** Exercise brief **
Restate every line of the data word for word, except for the images.

** Listed entries **
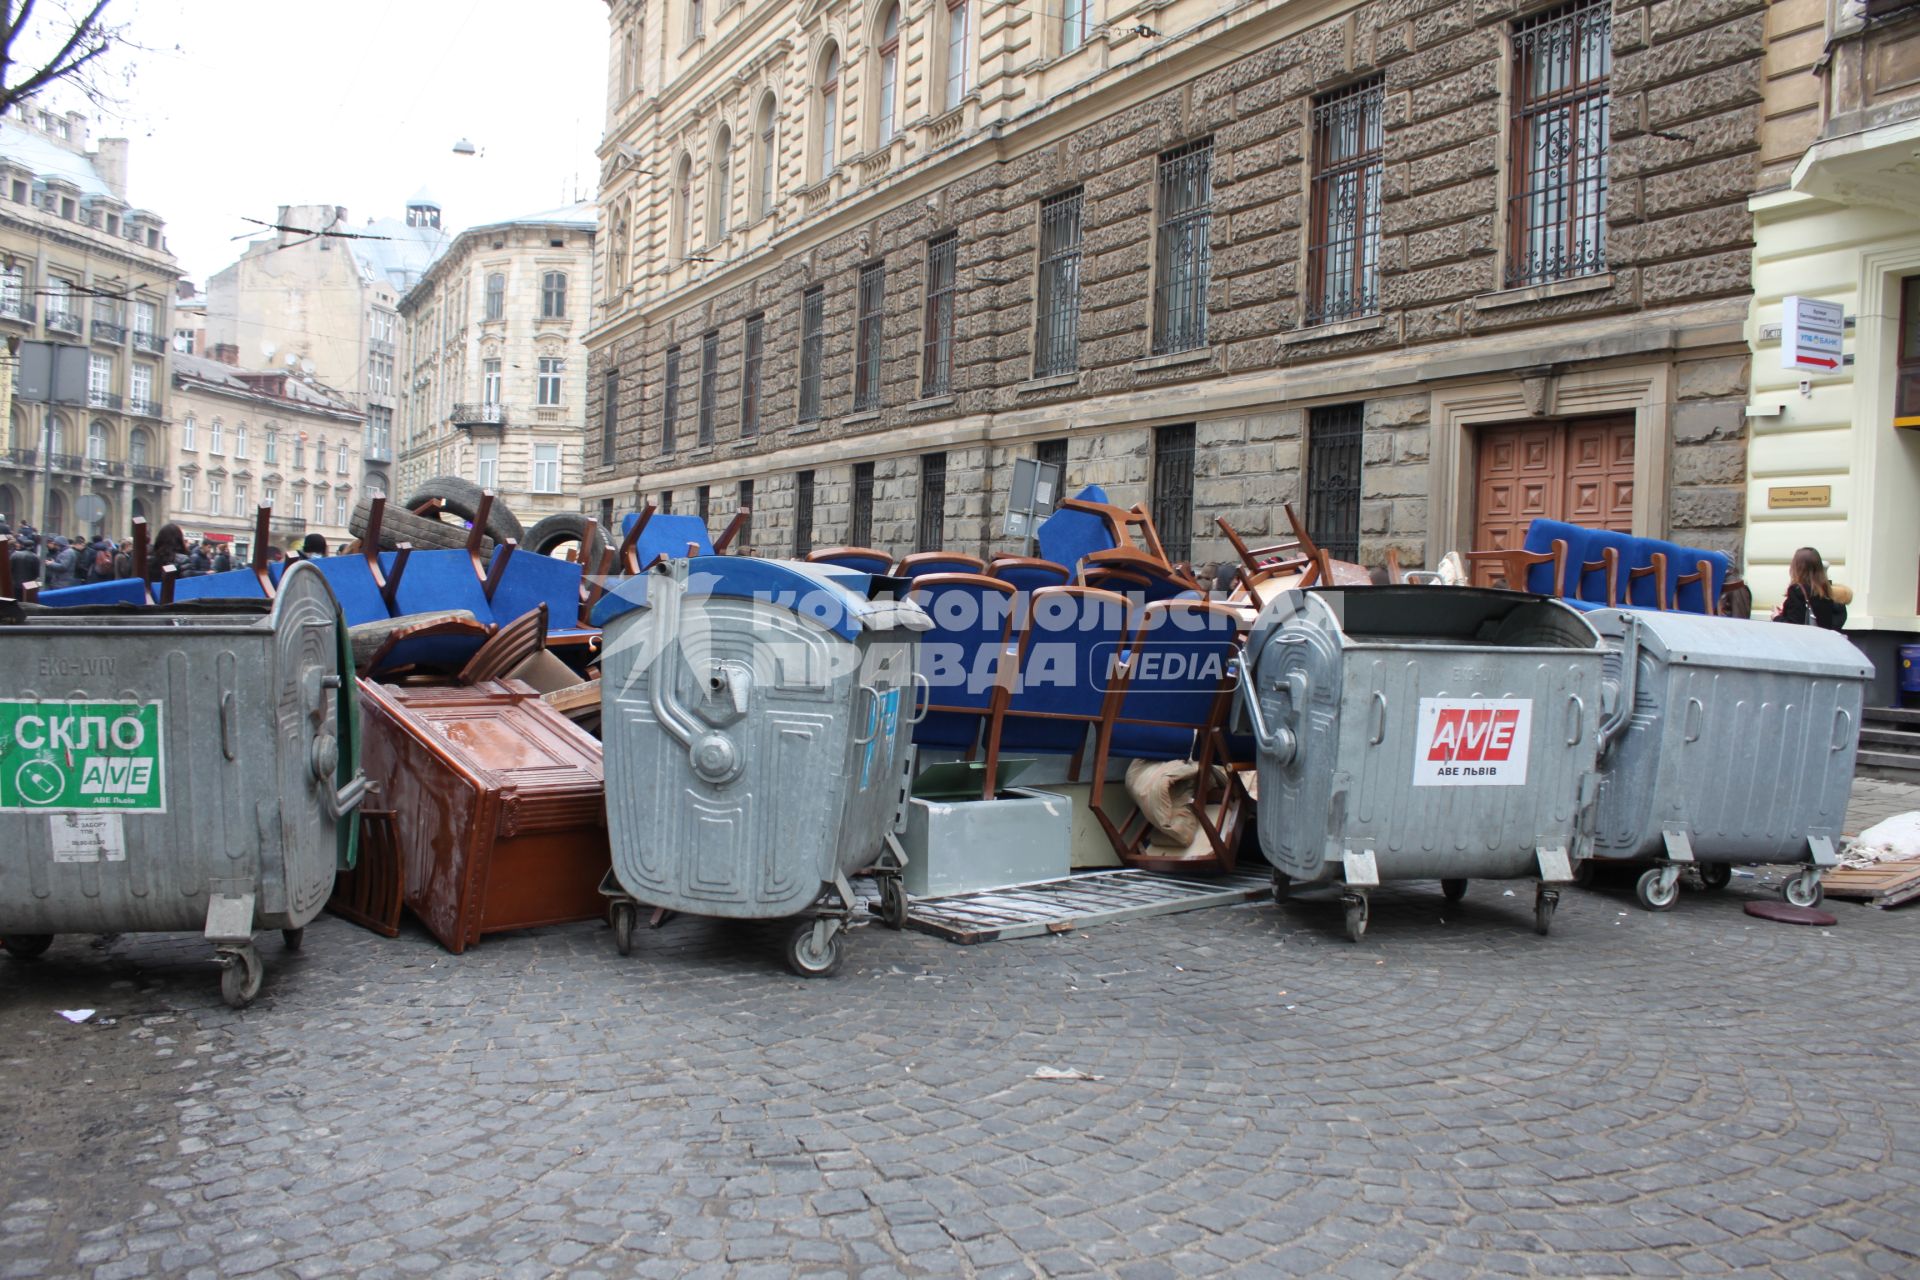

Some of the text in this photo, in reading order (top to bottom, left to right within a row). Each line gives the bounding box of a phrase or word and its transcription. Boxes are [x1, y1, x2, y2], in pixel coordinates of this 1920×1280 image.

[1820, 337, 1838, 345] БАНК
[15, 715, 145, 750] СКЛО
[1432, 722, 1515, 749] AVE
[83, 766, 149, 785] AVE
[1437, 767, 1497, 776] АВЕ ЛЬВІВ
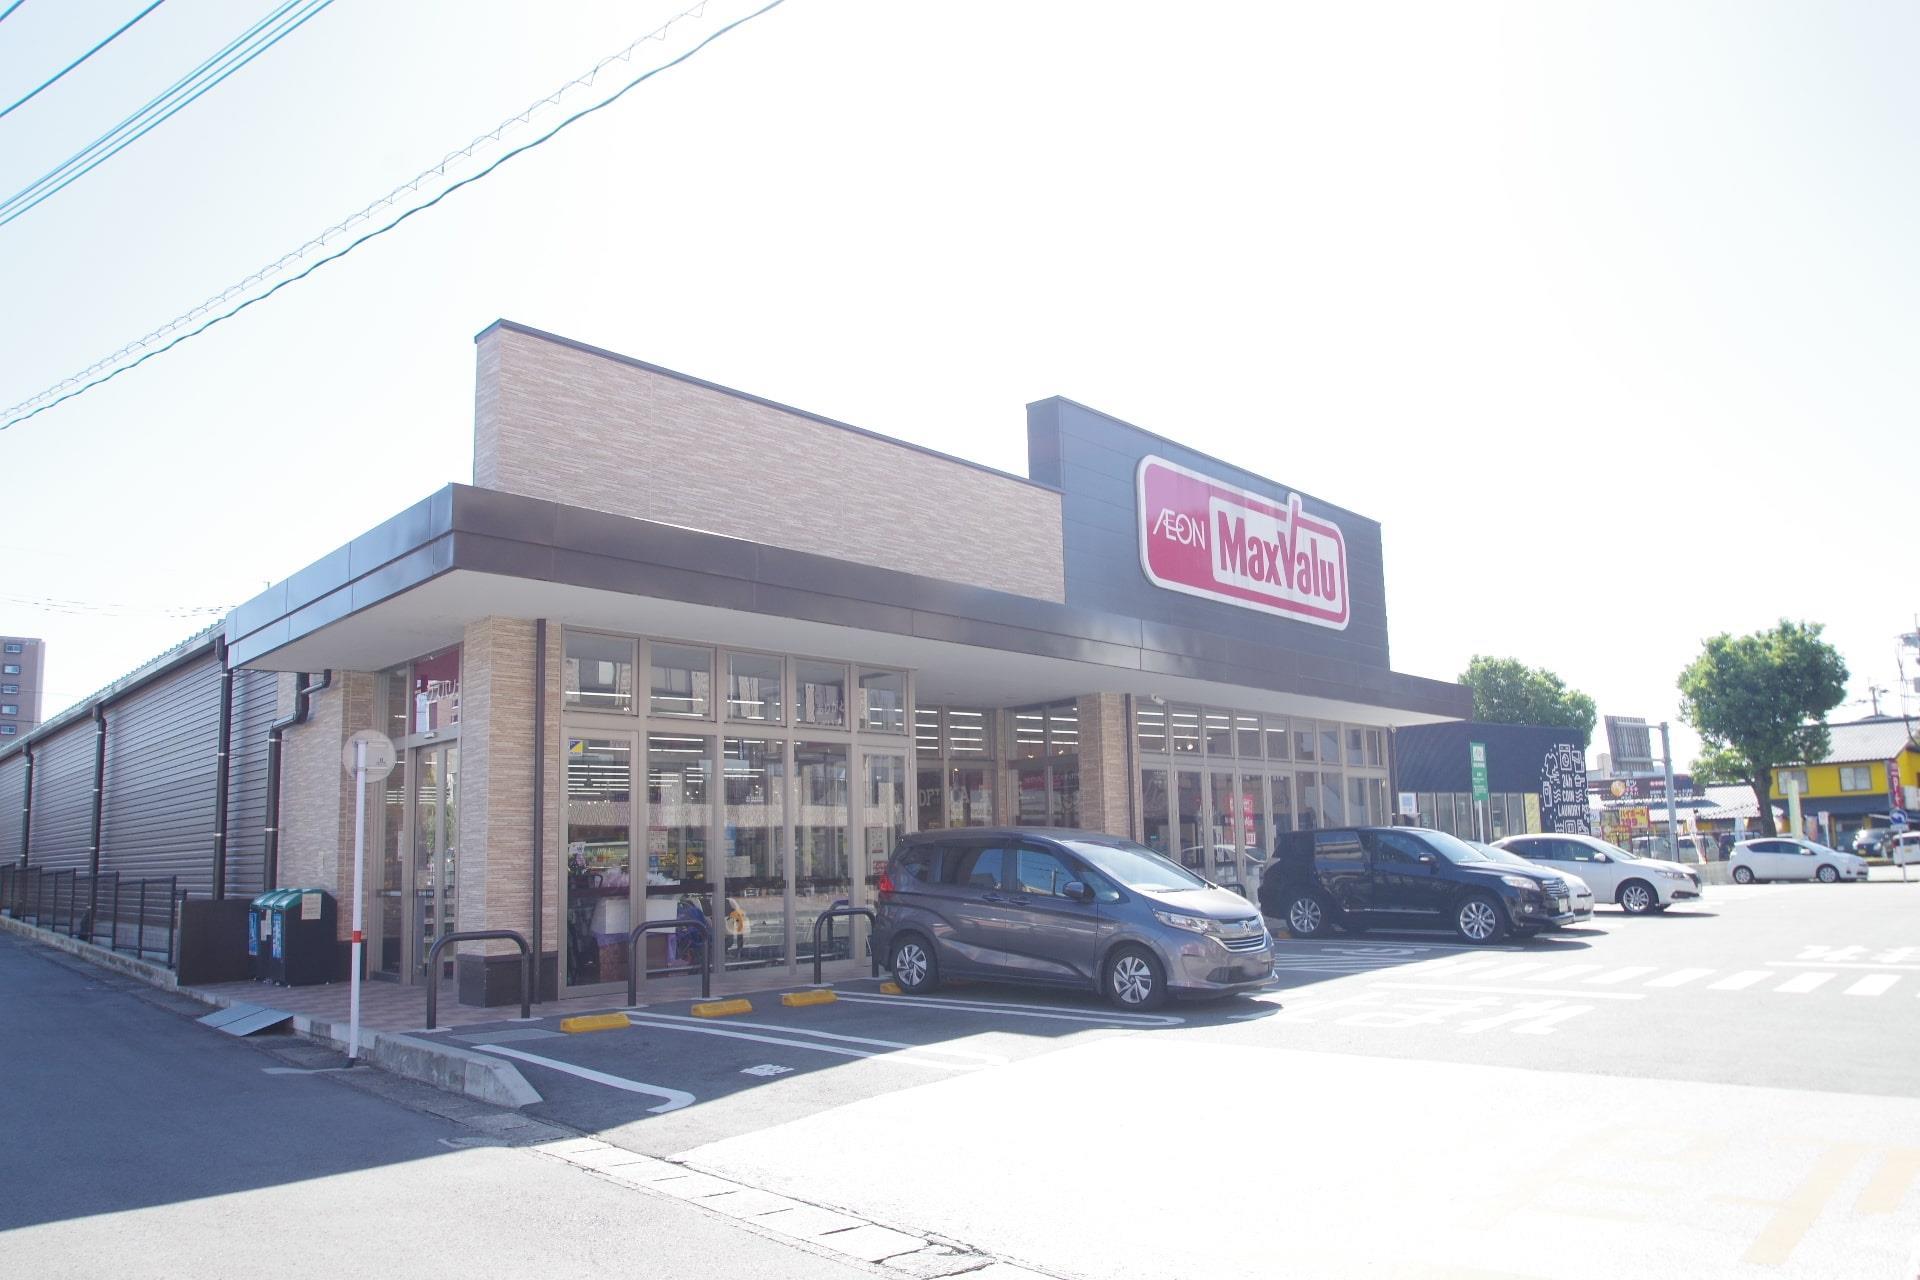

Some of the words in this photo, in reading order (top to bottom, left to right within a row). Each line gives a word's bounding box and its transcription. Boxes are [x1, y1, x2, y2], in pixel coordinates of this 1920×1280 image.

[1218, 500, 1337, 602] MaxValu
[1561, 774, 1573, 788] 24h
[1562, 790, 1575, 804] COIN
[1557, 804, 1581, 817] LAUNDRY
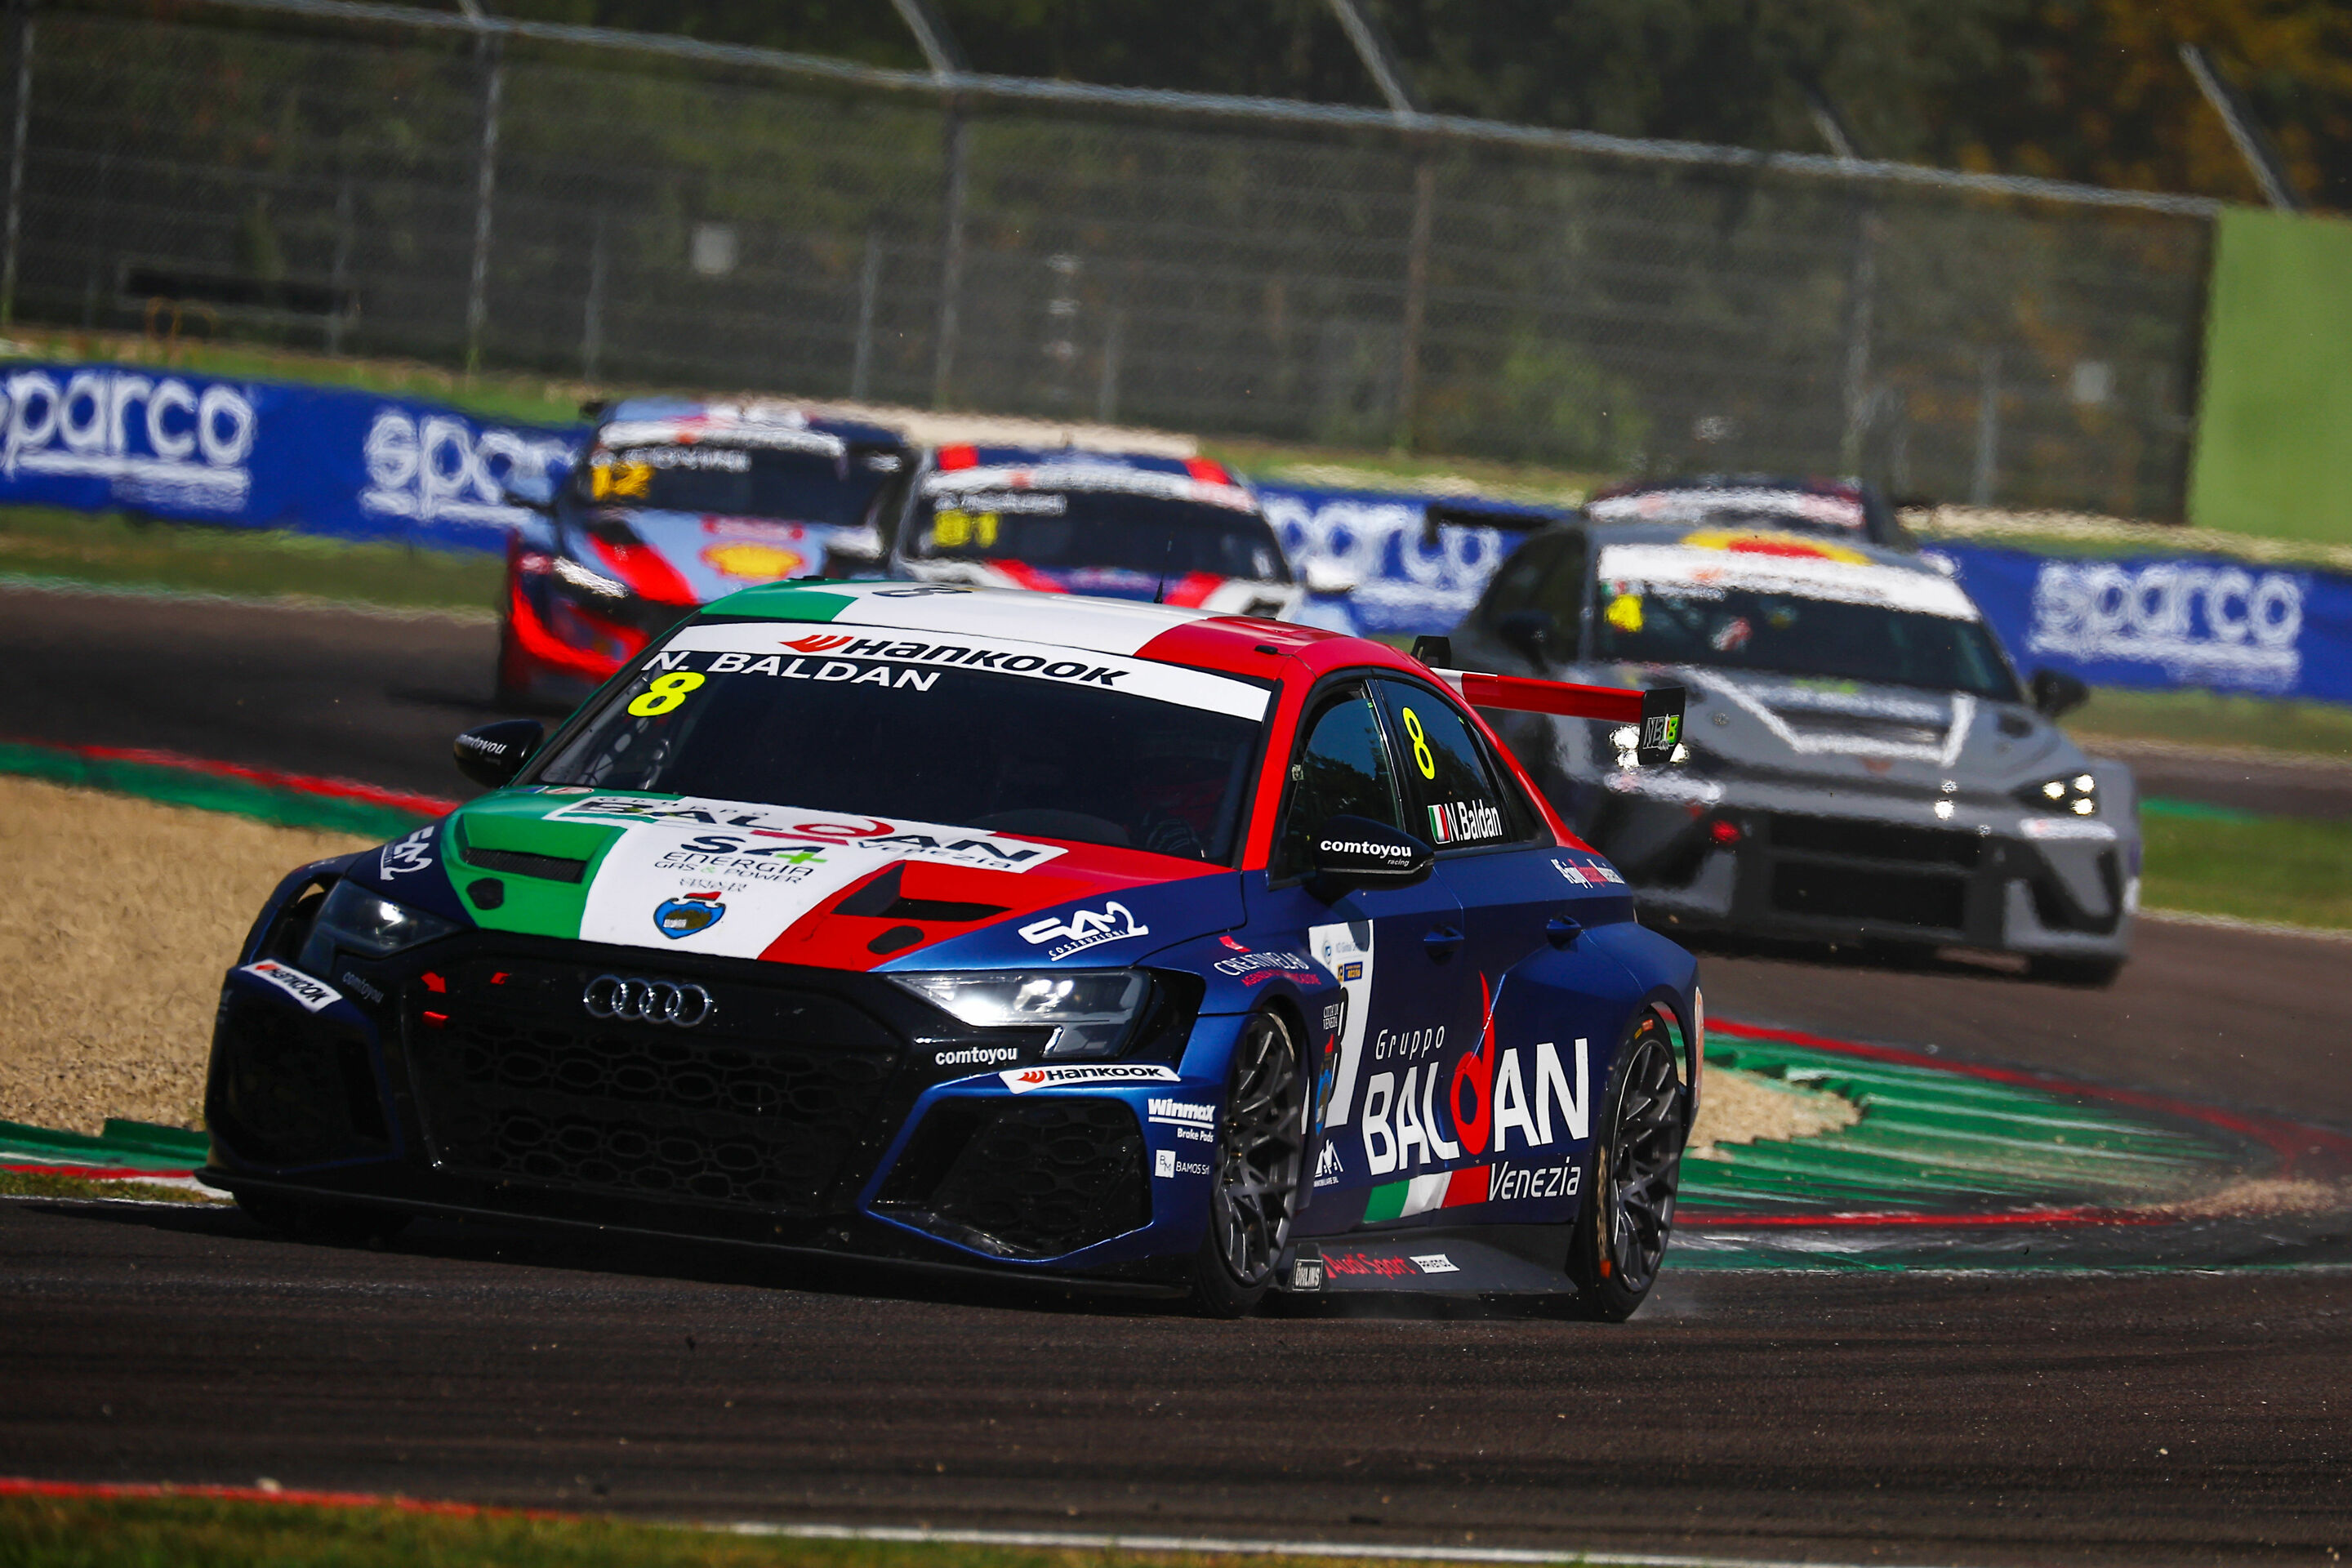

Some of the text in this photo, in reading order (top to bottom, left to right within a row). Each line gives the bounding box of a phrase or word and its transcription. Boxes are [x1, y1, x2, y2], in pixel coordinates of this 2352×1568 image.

** Exercise response **
Some of the text in this photo, in reading order (top to bottom, left to right within a row). Each line gives the bounding box of a phrase or word and its transcription. Boxes are [x1, y1, x2, y2], in pixel coordinates of this 1920×1280 image.

[1820, 337, 1838, 345] БАНК
[15, 715, 145, 750] СКЛО
[1432, 722, 1515, 749] AVE
[83, 766, 149, 785] AVE
[1437, 767, 1497, 776] АВЕ ЛЬВІВ

Some of the words in this photo, in reading order (top to bottom, left to right within a row). Each line gives a word's bounding box and its transcription. Boxes are [x1, y1, x2, y2], in pixel coordinates of this 1920×1280 image.

[1218, 500, 1337, 602] MaxValu
[1561, 774, 1573, 788] 24h
[1562, 790, 1575, 804] COIN
[1557, 804, 1581, 817] LAUNDRY

Some of the text in this photo, in reading order (top to bottom, left to right within a row). Each line gives the bounding box of a phrase or word and its transcription. Boxes are [x1, y1, x2, y2], in pixel coordinates of this 2352×1568 image.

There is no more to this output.